"Life's under no obligation to give us what we expect": First Edition of Gone with the Wind; Inscribed by Her to Her College Roommate
Gone With the Wind.
Item Number: 82010
New York: Macmillan, 1936.
First edition, first issue with “Published May 1936” on the copyright page of the author’s classic novel. Octavo, original gray cloth. Presentation copy, inscribed by the author on the title page in the year of publication, “To Virginia Morris, my room mate at Smith College, my friend for many years With love Peggy Margaret Mitchell Atlanta, GA Dec. 14, 1936.” Mitchell and Morris lodged together at 10 Henshaw Avenue, a college approved boardinghouse, where Mitchell was apparently one of its most vibrant and engaging tenants. During her tenure there, Mitchell was already offering colorful discourses on the Civil War, its conflicts seeming to possess her more than “the current unpleasantness in Europe.” After finishing her freshman year at Smith, and following the death of her mother, Mitchell went back to Atlanta to take over the household for her father and never returned to Smith College. Black and white photograph of the members of Mitchell’s freshmen class at Smith College, with “Peg” kneeling in foreground and two Confederate bills. Owner’s name to the half-title page, near fine in a very good first issue dust jacket, with Gone with the Wind listed in the second column of the booklist on the back panel, with $3.00 cost on the front flap, which shows considerable wear. A significant association copy.

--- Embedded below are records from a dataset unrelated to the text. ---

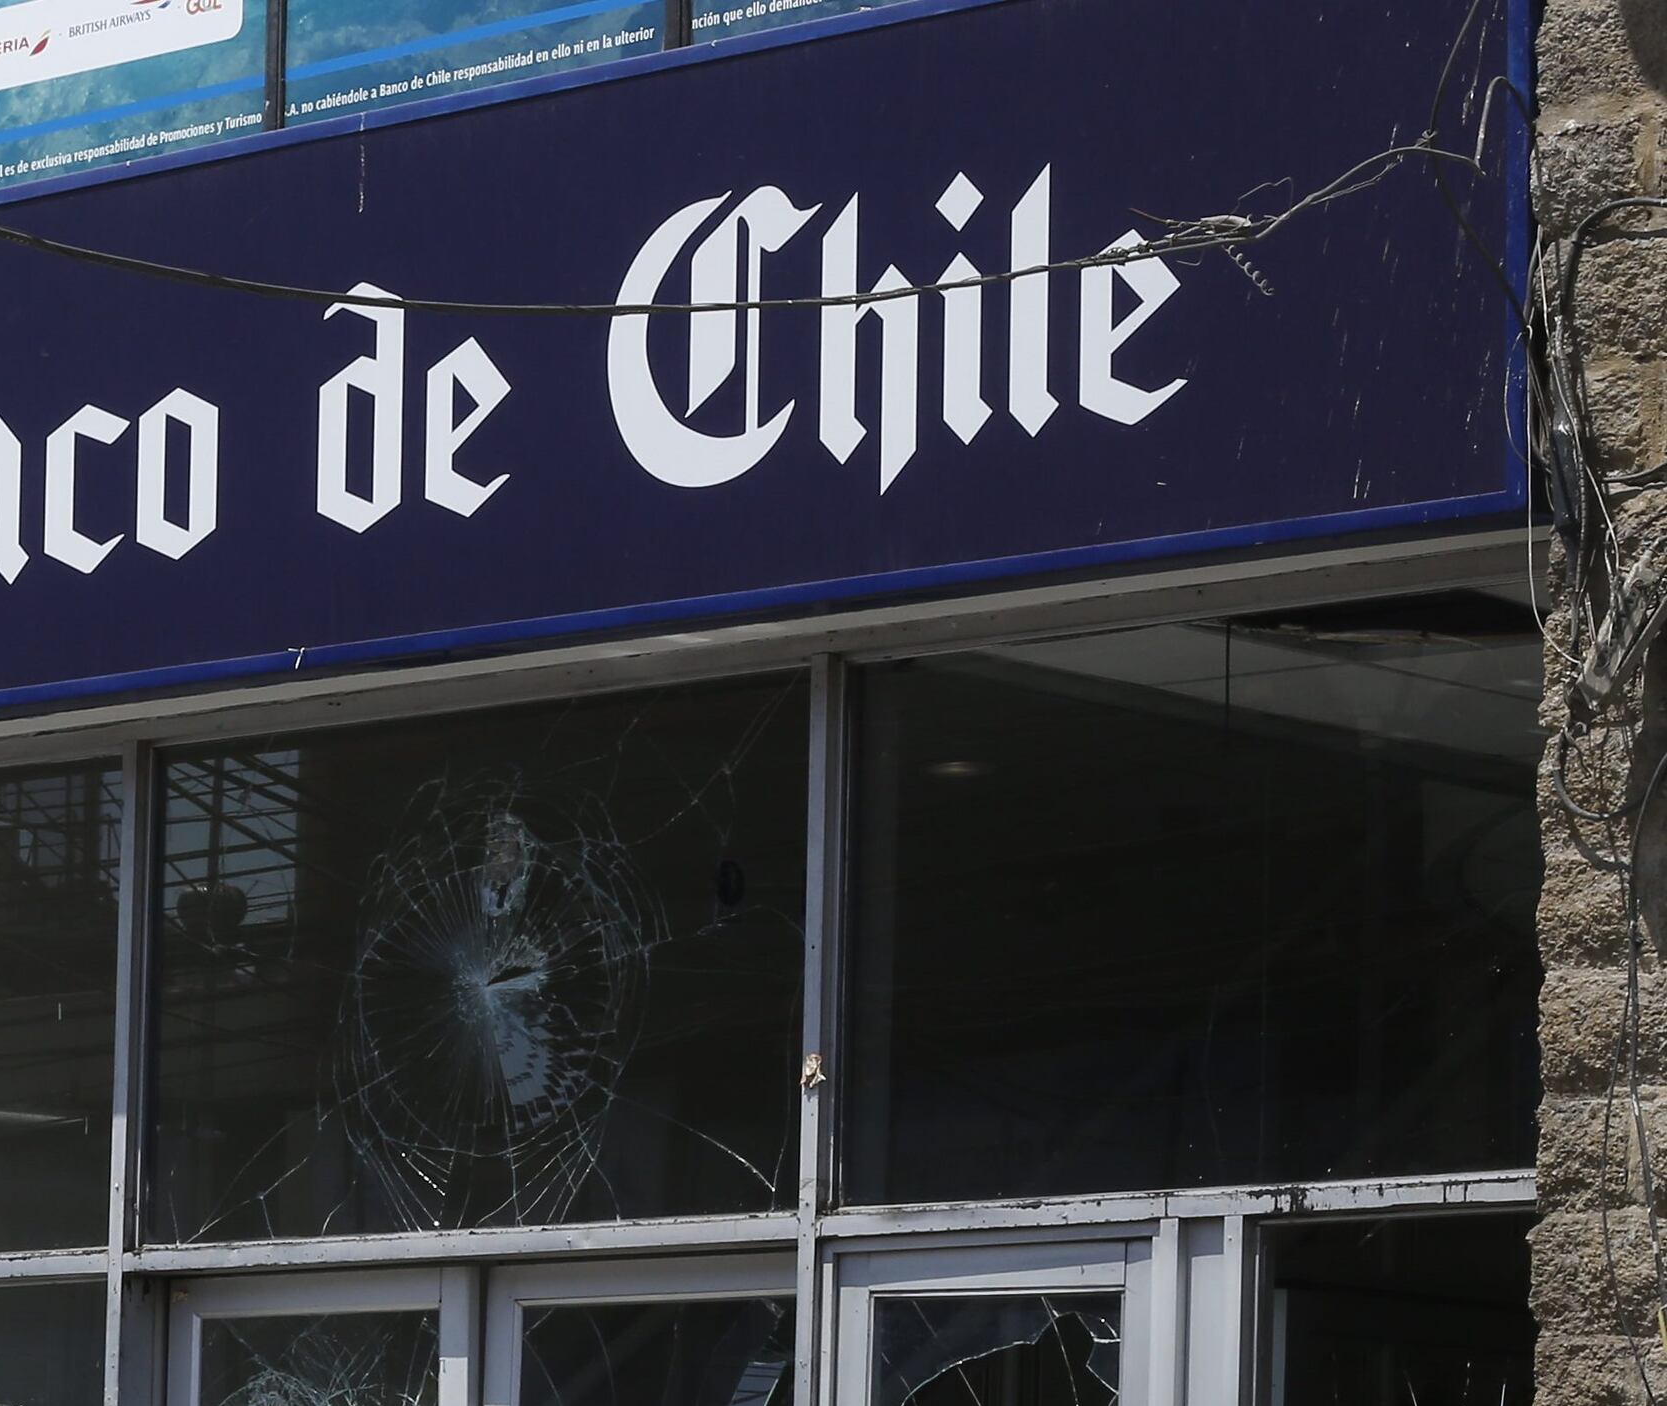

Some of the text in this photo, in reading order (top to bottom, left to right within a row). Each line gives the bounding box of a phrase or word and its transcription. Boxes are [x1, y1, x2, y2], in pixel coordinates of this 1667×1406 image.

[68, 19, 108, 39] BRITISH
[108, 9, 152, 29] AIRWAYS
[722, 10, 744, 26] que
[746, 3, 767, 18] ello
[301, 101, 314, 114] no
[316, 87, 369, 111] cabiéndole
[371, 88, 378, 99] a
[379, 78, 408, 98] Banco
[410, 74, 424, 89] de
[426, 67, 451, 88] Chile
[453, 50, 534, 83] responsabilidad
[536, 49, 549, 63] en
[551, 42, 571, 60] ello
[573, 39, 584, 55] ni
[586, 38, 600, 53] en
[602, 33, 613, 49] la
[614, 26, 655, 48] ulterior
[5, 164, 15, 177] es
[17, 160, 29, 175] de
[31, 149, 72, 172] exclusiva
[74, 136, 145, 163] responsabilidad
[147, 131, 158, 147] de
[159, 119, 215, 145] Promociones
[216, 120, 224, 135] y
[225, 112, 263, 130] Turismo
[317, 282, 512, 534] de
[607, 163, 1188, 496] Chile
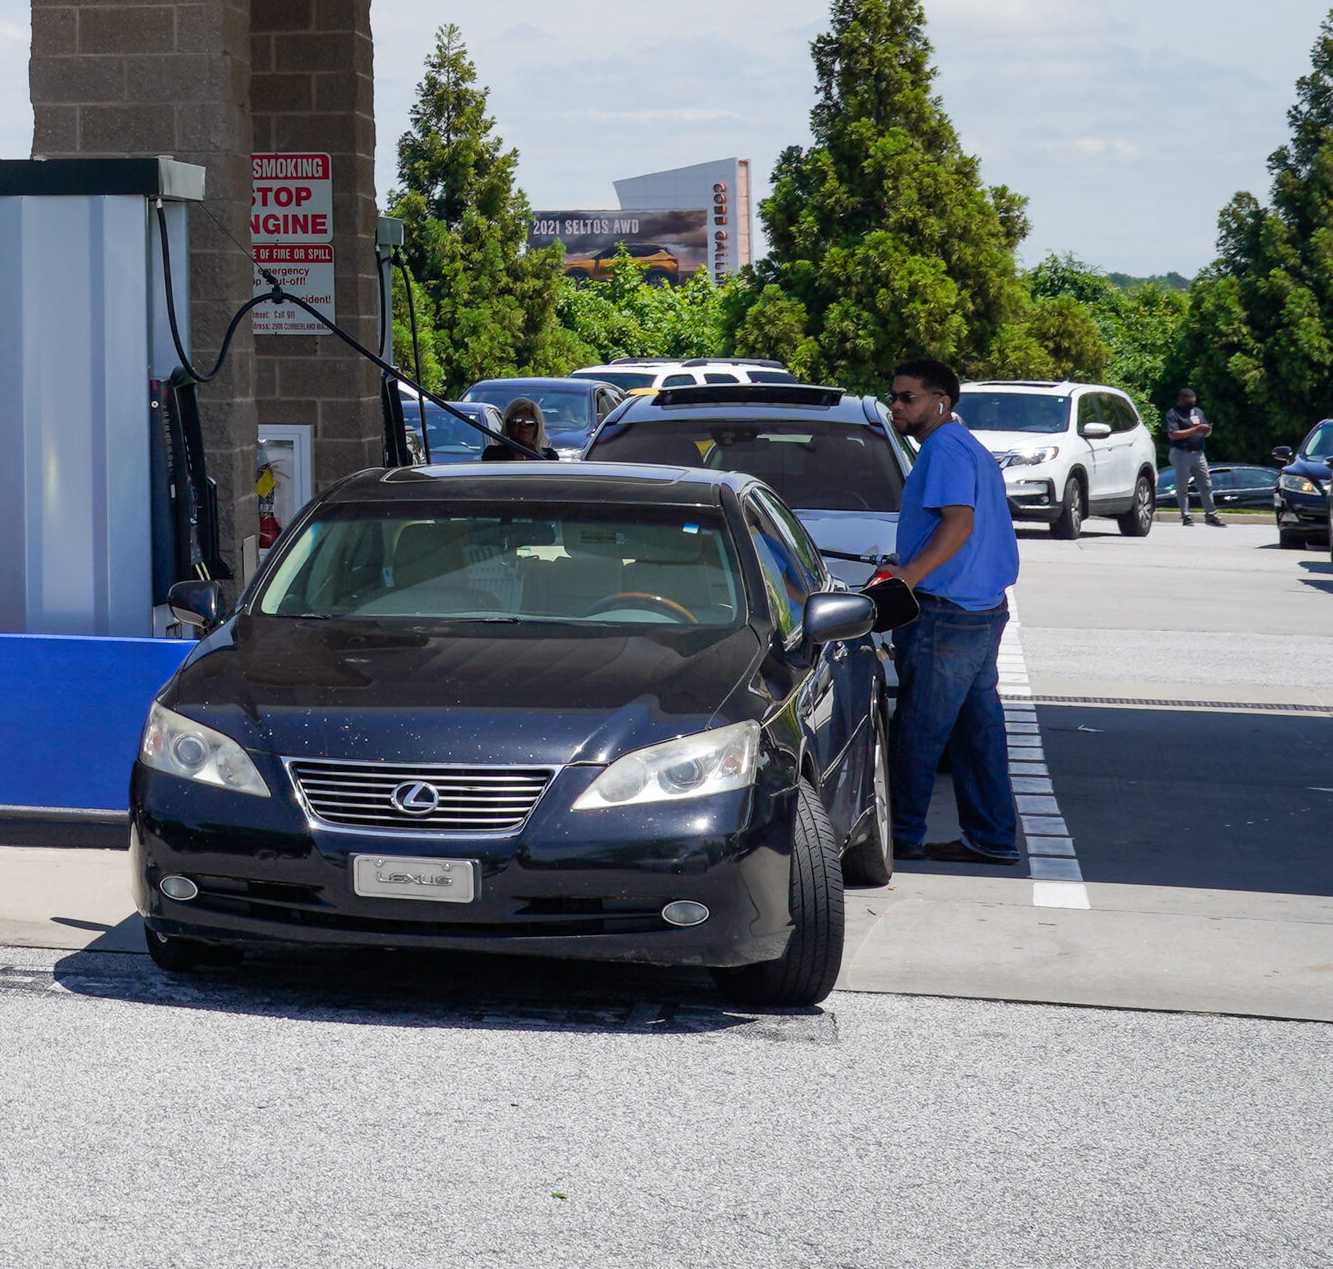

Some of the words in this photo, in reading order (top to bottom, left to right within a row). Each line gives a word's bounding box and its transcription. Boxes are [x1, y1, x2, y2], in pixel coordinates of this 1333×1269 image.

[253, 158, 323, 178] SMOKING
[251, 186, 312, 207] TOP
[250, 214, 327, 234] NGINE
[533, 220, 560, 235] 2021
[565, 220, 609, 234] SELTOS
[613, 218, 640, 234] AWD
[260, 248, 270, 260] OF
[273, 248, 291, 260] FIRE
[294, 248, 305, 260] OR
[308, 248, 331, 260] SPILL
[376, 872, 453, 886] LEXUS
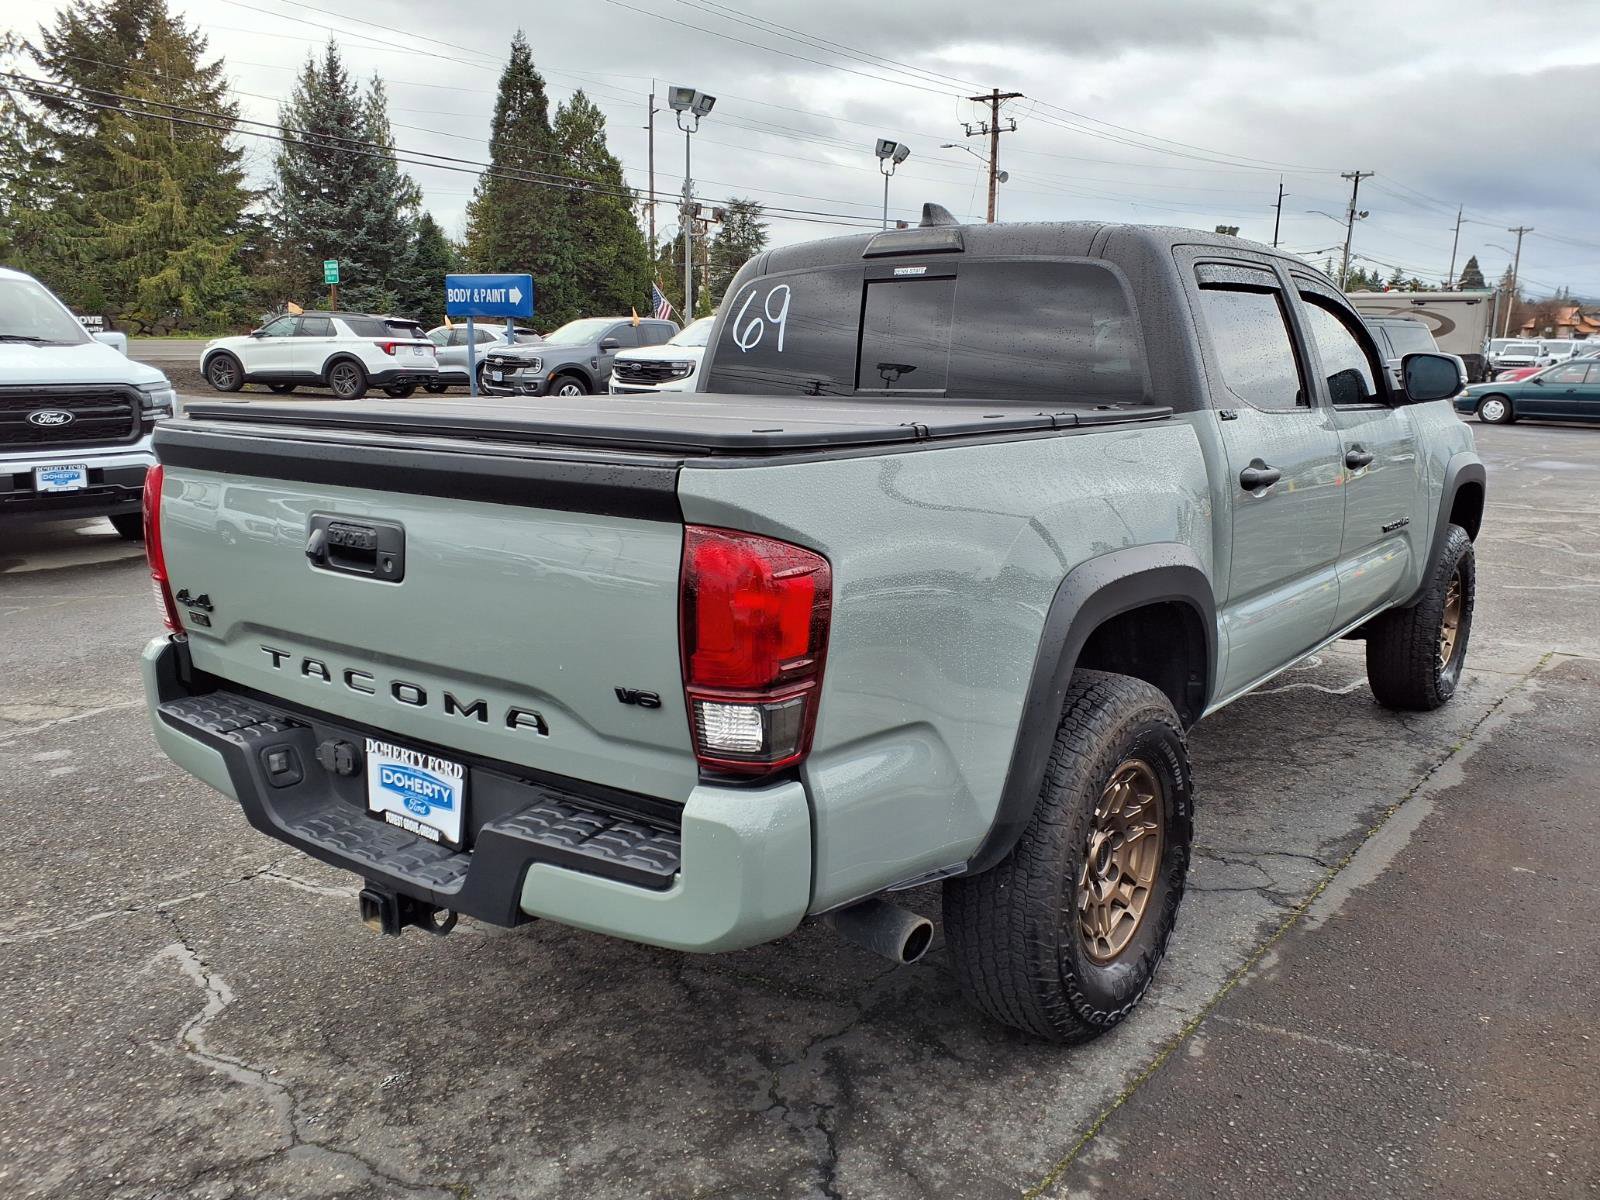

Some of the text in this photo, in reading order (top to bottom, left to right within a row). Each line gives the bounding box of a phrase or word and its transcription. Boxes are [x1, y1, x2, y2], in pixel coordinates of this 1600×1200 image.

In 1923, Margaret Mitchell became a feature writer for the Atlanta Journal, and in 1925, married John Marsh, a public relations officer for Georgia Power. She found most of her assignments unfulfilling, and she soon left to try writing fiction more to her own taste. Her own harshest critic, she would not try to get her work published. She began to write Gone with the Wind in 1926, while recovering from an automobile accident. Over the next eight years she painstakingly researched for historical accuracy. She accumulated thousands of pages of manuscript. Here is how she later described her life's labor: "When I look back on these last years of struggling to find time to write between deaths in the family, illness in the family and among friends which lasted months and even years, childbirths (not my own), divorces and neuroses among friends, my own ill health and four fine auto accidents ... it all seems like a nightmare. I wouldn't tackle it again for anything. Just as soon as I sat down to write, somebody I loved would decide to have their gall-bladder removed. ... " In 1934, an editor from Macmillan's Publishers came to Atlanta seeking new authors. He was referred to John and Margaret Marsh as people who knew Atlanta's literary scene. She steered him to several prospects, but didn't mention her own work. A friend told him that she was writing a novel, but she denied it. On the night before he was to leave Atlanta, she appeared at his hotel-room door with her still imperfect, mountainous manuscript and left it with him for better or for worse. "This is beyond doubt one of the most remarkable first novels produced by an American writer. It is also one of the best" (New York Times). Gone With the Wind is said to be the fastest selling novel in the history of American publishing (50,000 copies in a single day), and went on to win the Pulitzer Prize.